-- WHAT TO PRODUCE --
Give back every entry exactly; drop the pictures.

[Saved entries]
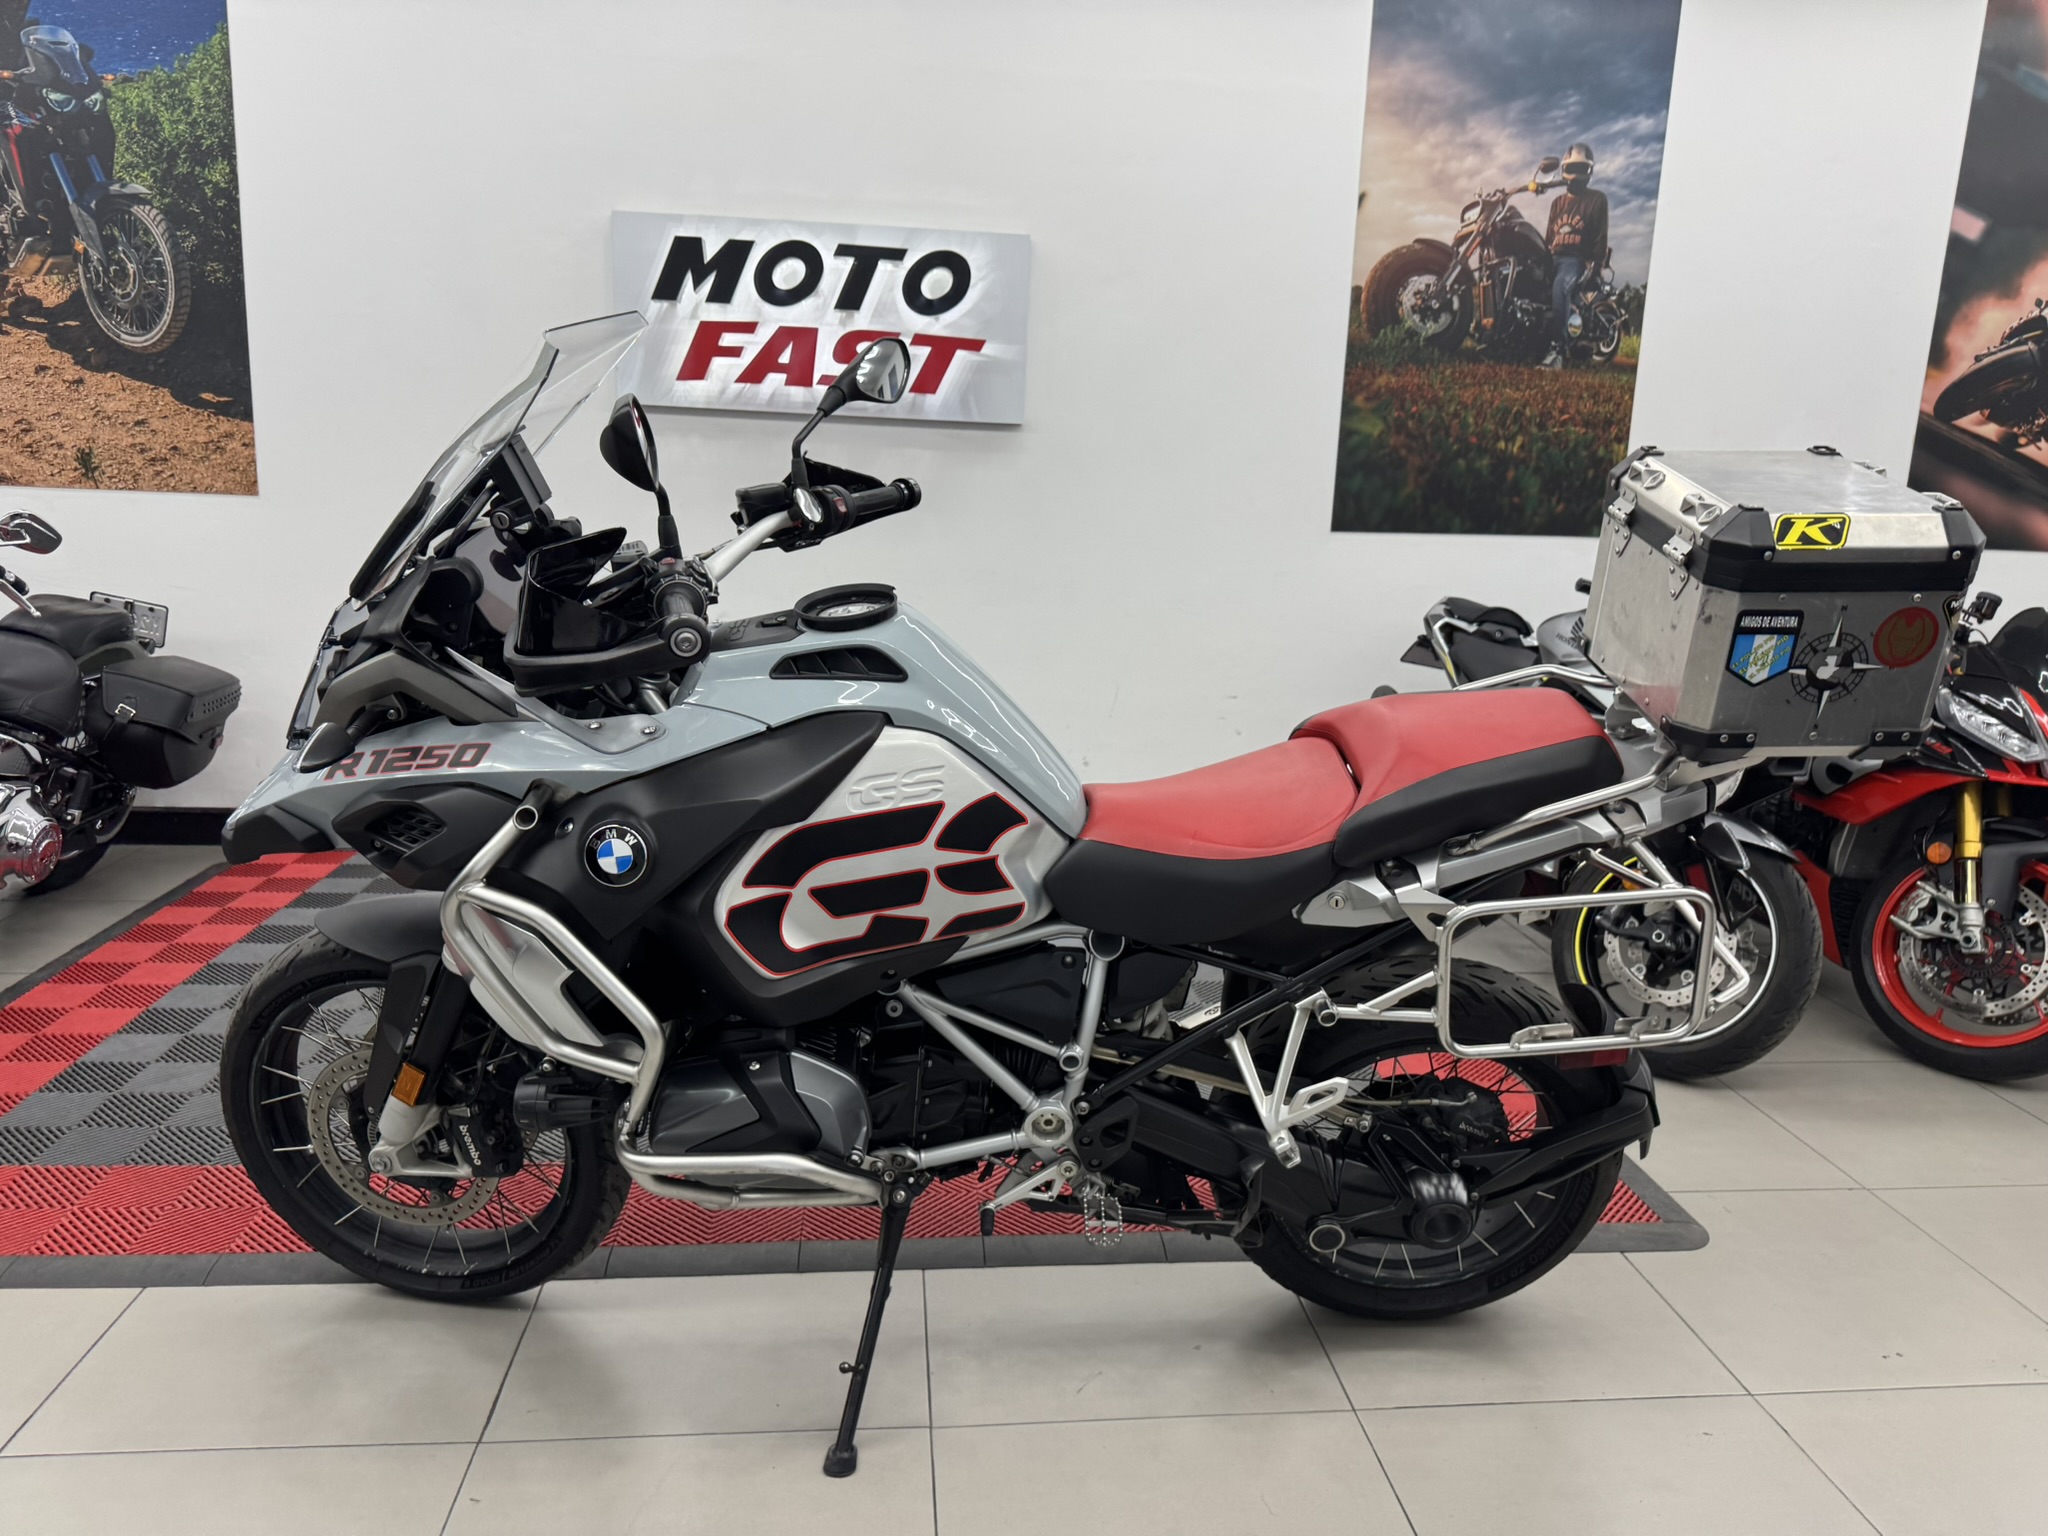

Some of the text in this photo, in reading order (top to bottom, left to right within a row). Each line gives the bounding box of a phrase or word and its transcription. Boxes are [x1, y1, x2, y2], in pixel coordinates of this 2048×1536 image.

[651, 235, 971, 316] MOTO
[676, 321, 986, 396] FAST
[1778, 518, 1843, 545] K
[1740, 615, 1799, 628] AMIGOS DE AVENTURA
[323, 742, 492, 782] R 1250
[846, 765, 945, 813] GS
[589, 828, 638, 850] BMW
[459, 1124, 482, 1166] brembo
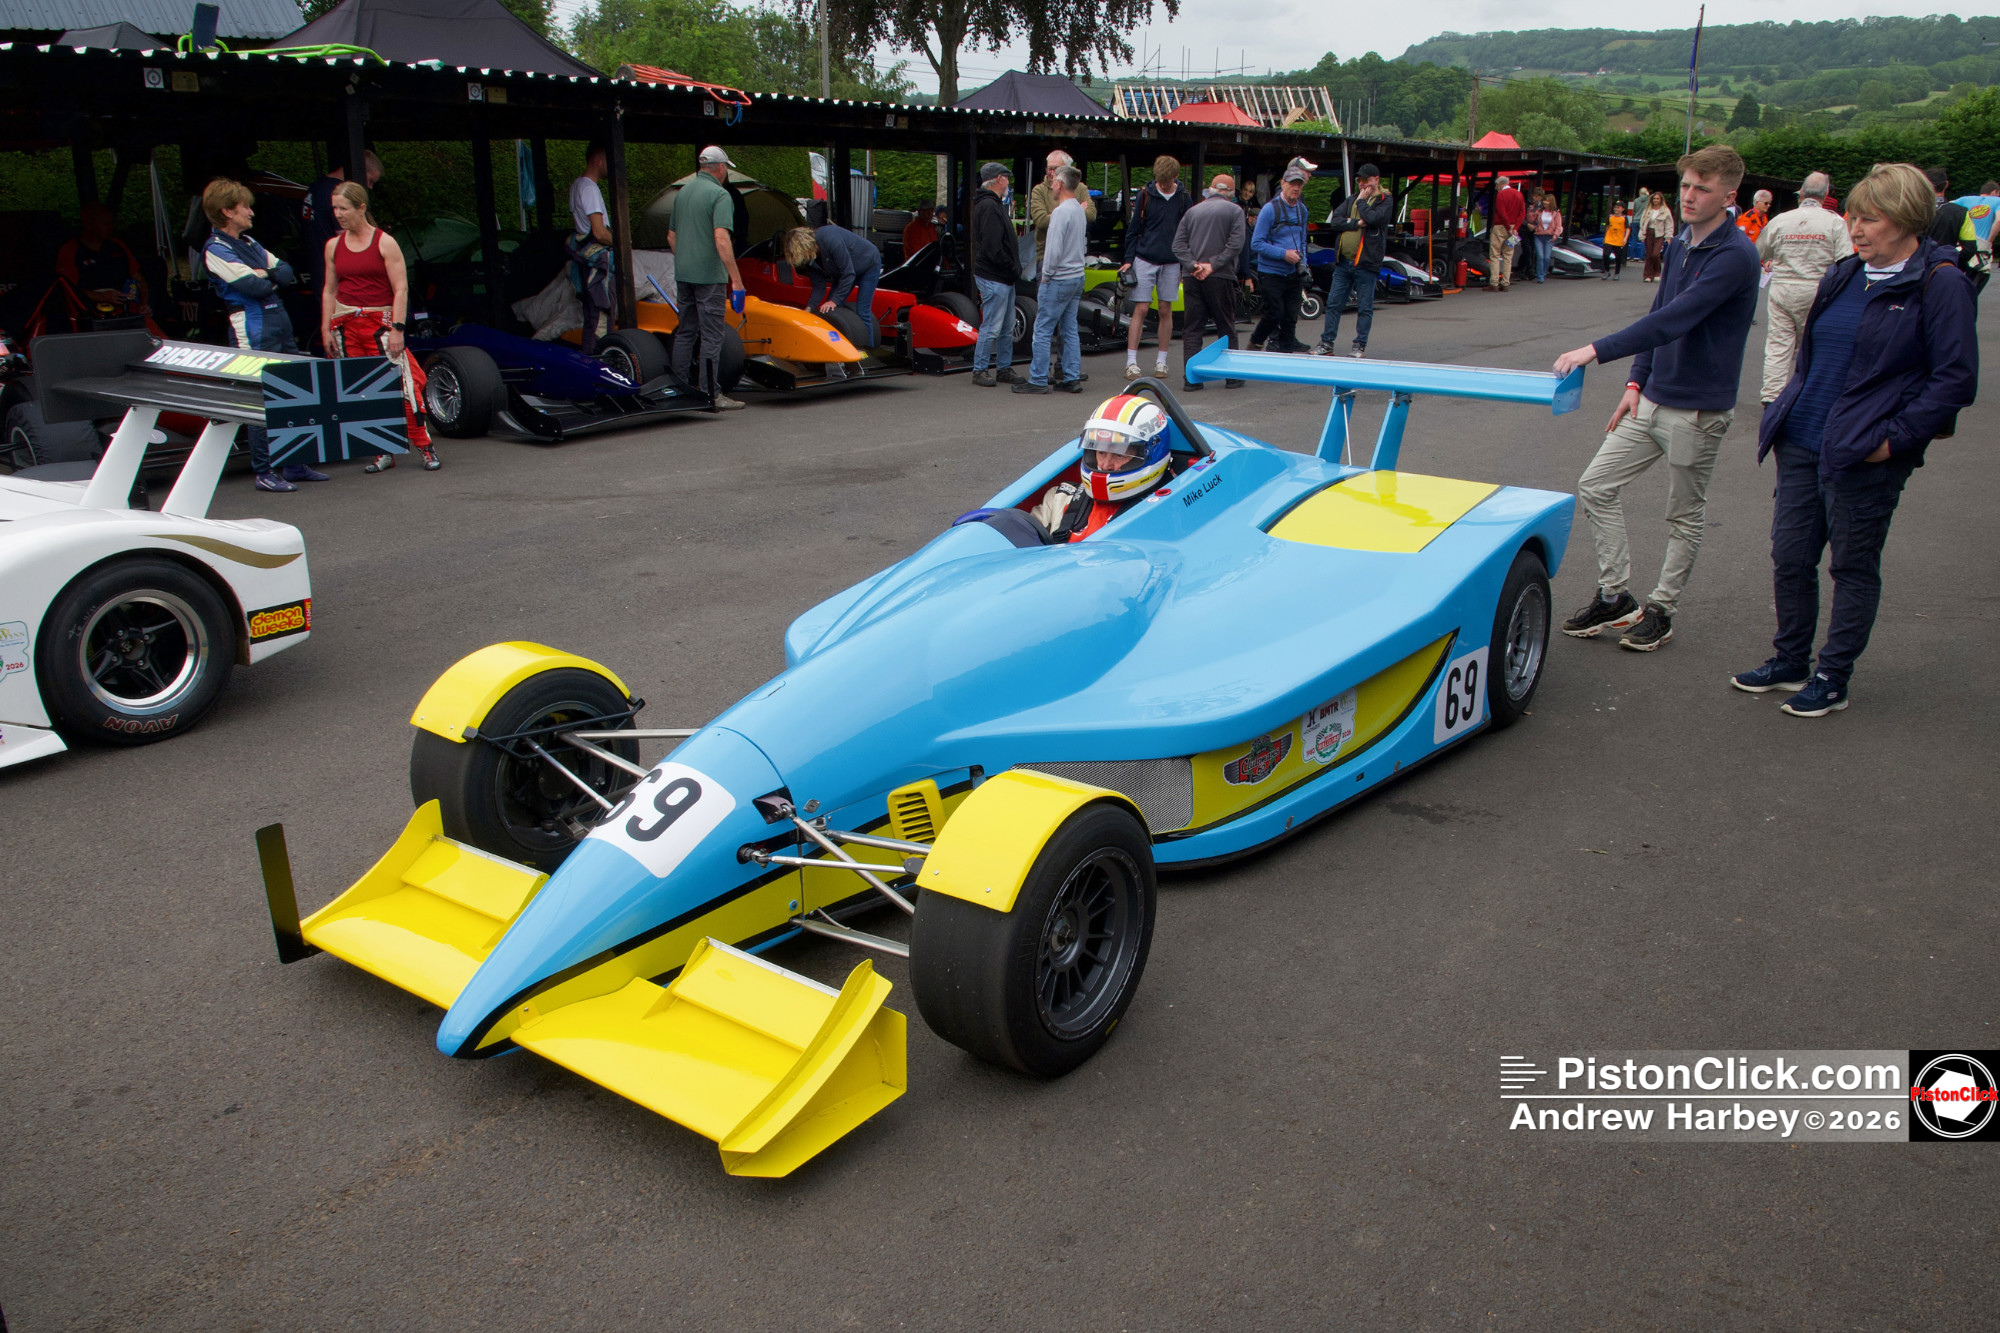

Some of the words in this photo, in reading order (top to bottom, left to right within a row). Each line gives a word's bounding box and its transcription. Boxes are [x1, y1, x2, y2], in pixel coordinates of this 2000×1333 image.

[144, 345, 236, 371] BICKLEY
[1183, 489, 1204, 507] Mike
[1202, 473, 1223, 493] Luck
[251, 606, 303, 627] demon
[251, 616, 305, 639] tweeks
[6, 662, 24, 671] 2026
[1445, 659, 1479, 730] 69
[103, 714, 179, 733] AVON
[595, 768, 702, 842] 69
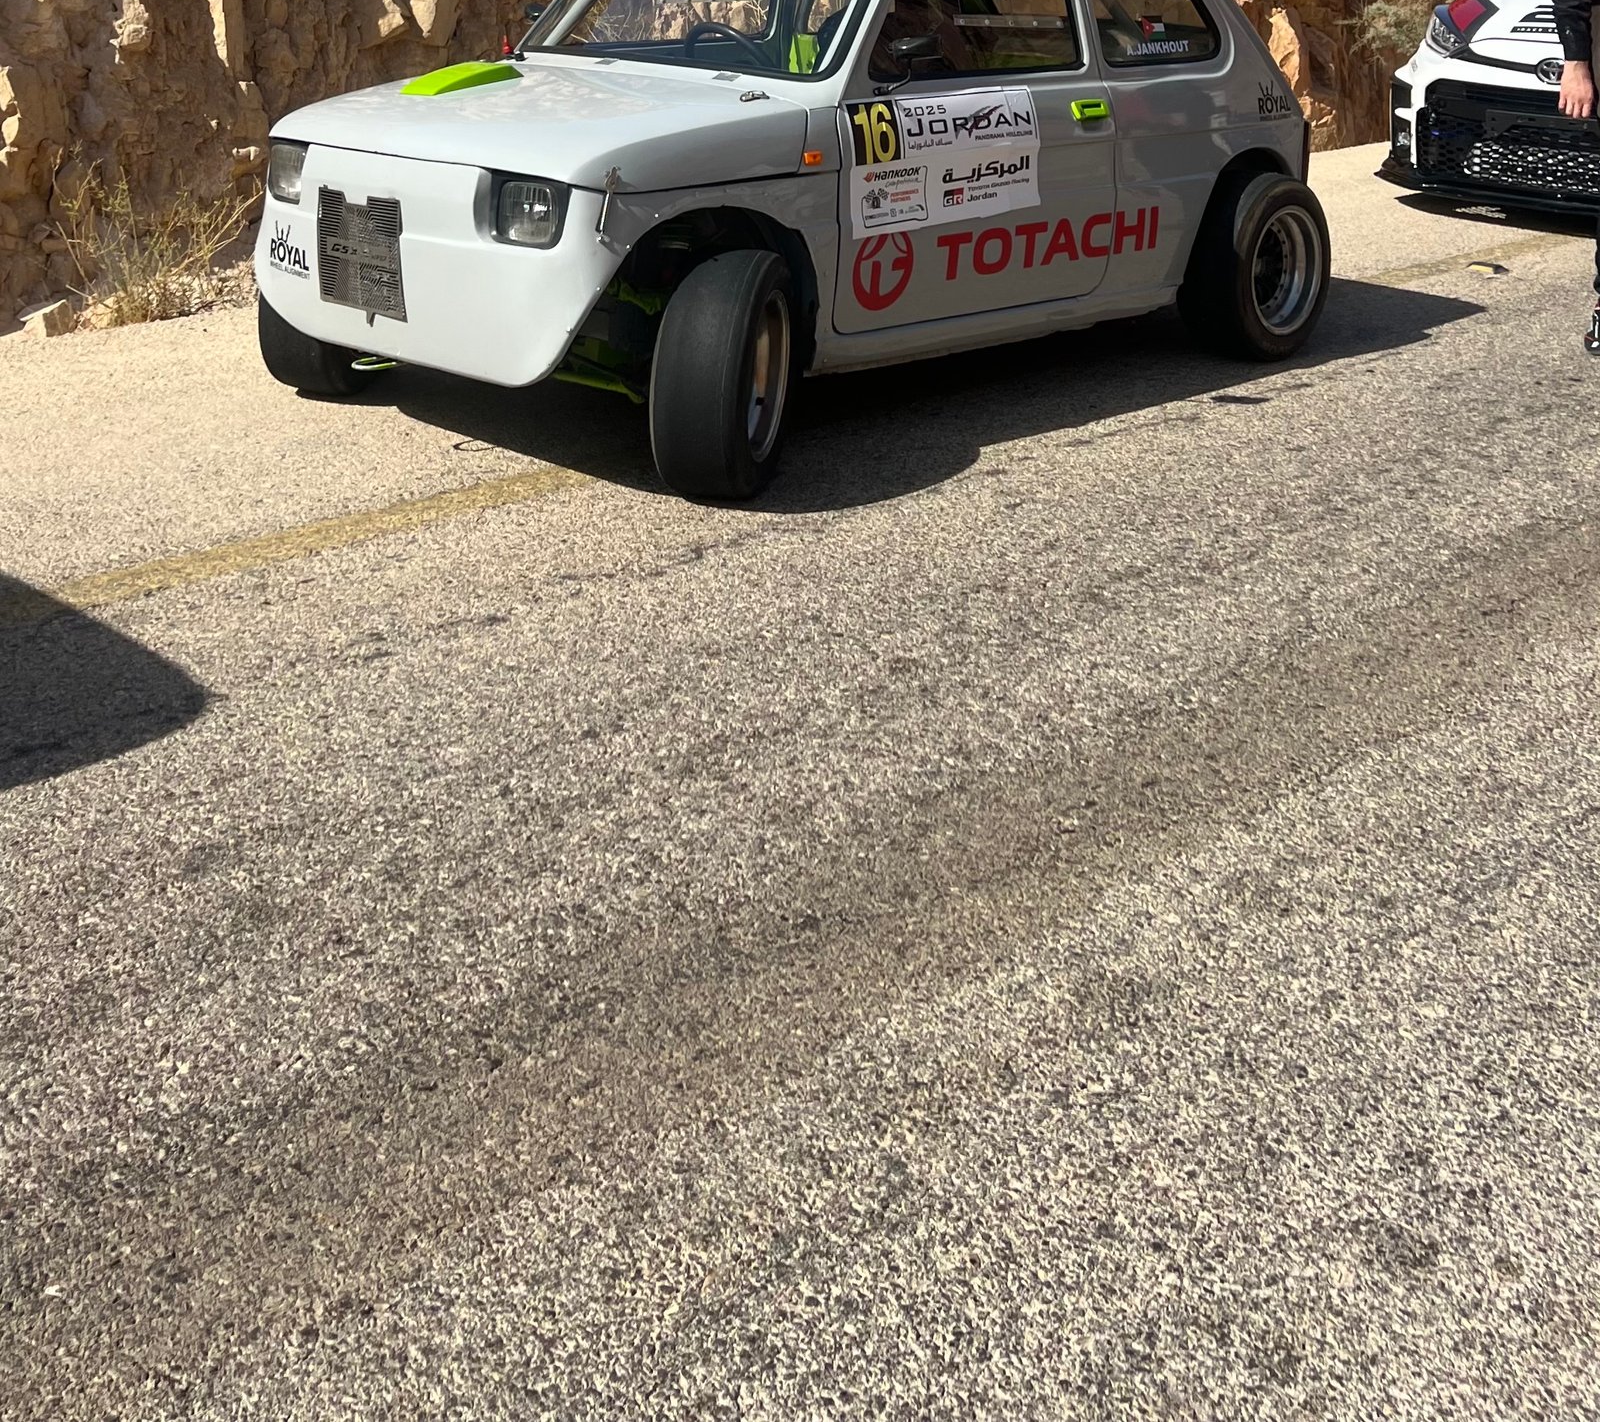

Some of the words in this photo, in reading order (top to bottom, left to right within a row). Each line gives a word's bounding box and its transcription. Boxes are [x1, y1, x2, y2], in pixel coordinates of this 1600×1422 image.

-- ANSWER BELOW --
Some of the text in this photo, in reading order (top to bottom, left to right within a row). Each line gives the bounding box of a phrase or word and its transcription. Boxes are [x1, y1, x2, y2], in pixel coordinates of this 2048×1536 image.

[651, 235, 971, 316] MOTO
[676, 321, 986, 396] FAST
[1778, 518, 1843, 545] K
[1740, 615, 1799, 628] AMIGOS DE AVENTURA
[323, 742, 492, 782] R 1250
[846, 765, 945, 813] GS
[589, 828, 638, 850] BMW
[459, 1124, 482, 1166] brembo

Some of the words in this photo, in reading order (top to bottom, left to right within a row). Each line gives a word's bounding box and its transcription. Boxes are [x1, y1, x2, y2], in pixel coordinates of this 2000×1333 image.

[144, 345, 236, 371] BICKLEY
[1183, 489, 1204, 507] Mike
[1202, 473, 1223, 493] Luck
[251, 606, 303, 627] demon
[251, 616, 305, 639] tweeks
[6, 662, 24, 671] 2026
[1445, 659, 1479, 730] 69
[103, 714, 179, 733] AVON
[595, 768, 702, 842] 69

Some of the words in this photo, in reading order (top to bottom, left to right within a row). Each line gives a word's bounding box and its transcription. Boxes are [x1, y1, x2, y2], in pixel coordinates of this 1600×1422 image.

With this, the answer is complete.